Commits on Jul 25, 2022

  1. Various additional plugin fixes (#6)

    Global Changes:
      * The plugin was using duplicate definitions of internal DAOS client
        structures (dfs_obj_t, dfs_t, dfs_entry_t), and would create malloc'd
        copies of those structs in order to be able to access their private
        fields.  Should DAOS modify those structures in future releases, the
        plugin would break for those releases.  The dependencies on internal
        fields have been removed, the DAOS client API is now strictly followed.
      * The path_map and size_map caches used DFS mount-point-relative
        pathnames as keys.  If more than one DFS filesystem is mounted during
        the same run, then the same relative pathname could be in use in
        both filesystems.  Callers that retrieved values from the caches
        could get results for the wrong filesytem.  Code was changed to create
        path_map and size_map caches per-filesystem.
      * A number of fields (connected, daos_fs, pool, container) were
        stored in the global DFS structure which meant that any time a
        path was presented to the plugin that was in a different DFS
        filesystem than the previous path, the current filesystem would
        have to be unmounted and then the new filesystem would be mounted.
        The application could have had files open at the time in the
        filesystem that was unmounted.  The code was changed to maintain
        filesystem state relative to each pool/container combo, and so
        any number of DFS filesystems can now be mounted simultaneously.
      * None of the code in the DFS Cleanup() function was ever being called.
        This is a known tensorflow issue, see
            tensorflow/tensorflow#27535
        The workaround is to call Cleanup() via the atexit() function.
      * The RenameFile function was enhanced to delete the cached size
        of the source file and store that cached size for the destination
        file.
      * The dfsLookUp() routine required the caller to indicate whether
        or not the object to be looked up was a directory.  This was
        necessary because dfs_open() was being used to open the object,
        and that call requires a different open_mode for directories and
        files.  However, the caller does not always know the type of the
        object being looked up, e.g PathExists() and IsDir().  If the
        caller guesses wrong, then the dfs_open() call fails, either with
        EINVAL or ENOTDIR.  The caller would map these errors to ENOENT,
        which is incorrect.  Code was changed to replace the dfs_open()
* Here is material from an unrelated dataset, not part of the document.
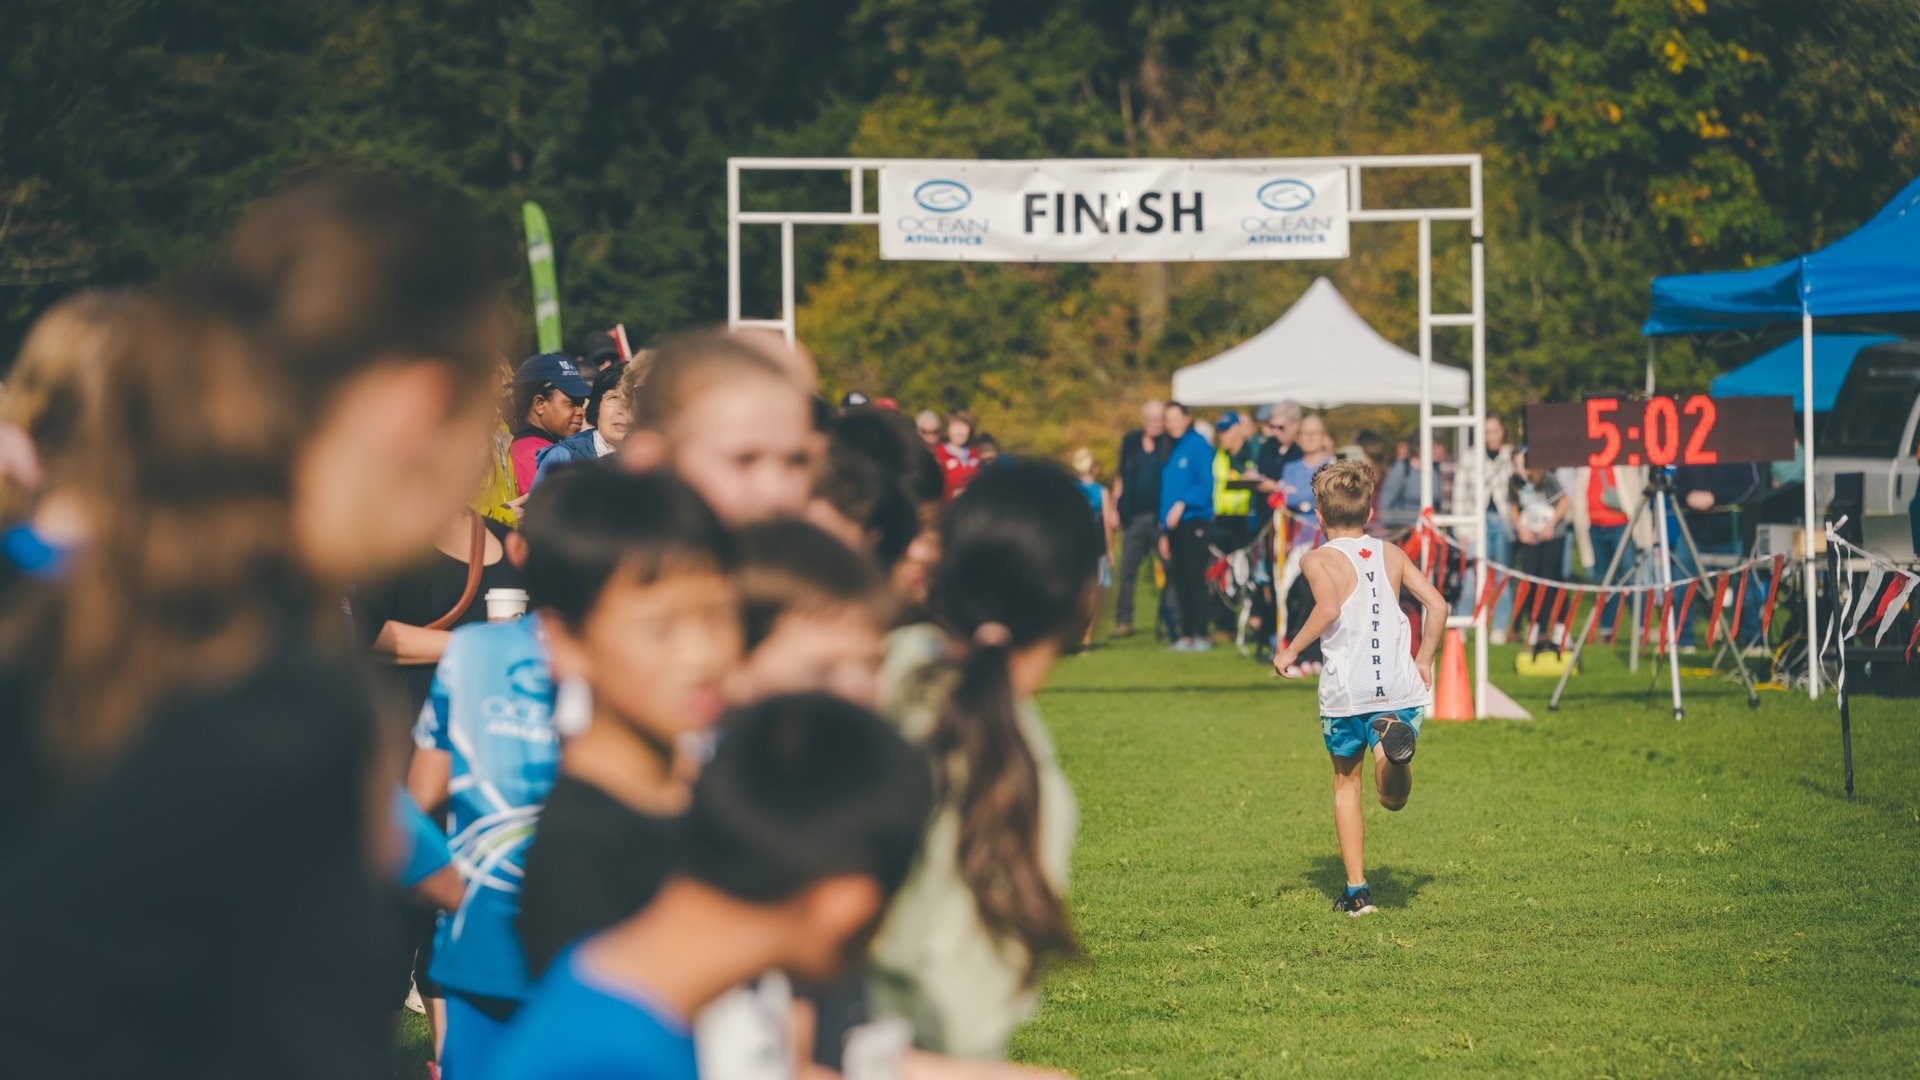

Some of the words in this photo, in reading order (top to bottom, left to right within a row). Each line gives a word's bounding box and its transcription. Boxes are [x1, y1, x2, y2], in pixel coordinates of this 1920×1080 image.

        call with dfs_lookup_rel(), which removes the requirement that
        the caller know the object's type a priori, the caller can check
        the type of the object after it has been opened.
      * The dfsLookUp() routine required all callers to implement three
        different behaviors depending upon the type of object being opened.
        1. If a DFS root directory, a null dfs_obj_t would be returned,
           this would have to be special-cased by the caller.
        2. If a non-root directory, a non-null dfs_obj_t would be returned
           which the caller must never release because the dfs_obj_t is
           also an entry in the path_map cache.  Releasing the entry would
           cause future requests that use that cache entry to fail.  There
           were a few cases in the code where this was occurring.
        3. If a non-directory, a non-null dfs_obj_t would be returned
           which the caller must always release when done with it.
        The code was changed so that a DFS root directory returns a
        non-null dfs_obj_t.  Also, whenever a directory that is in the
        path_map cache is referenced, dfs_dup() is used to make a (cheap)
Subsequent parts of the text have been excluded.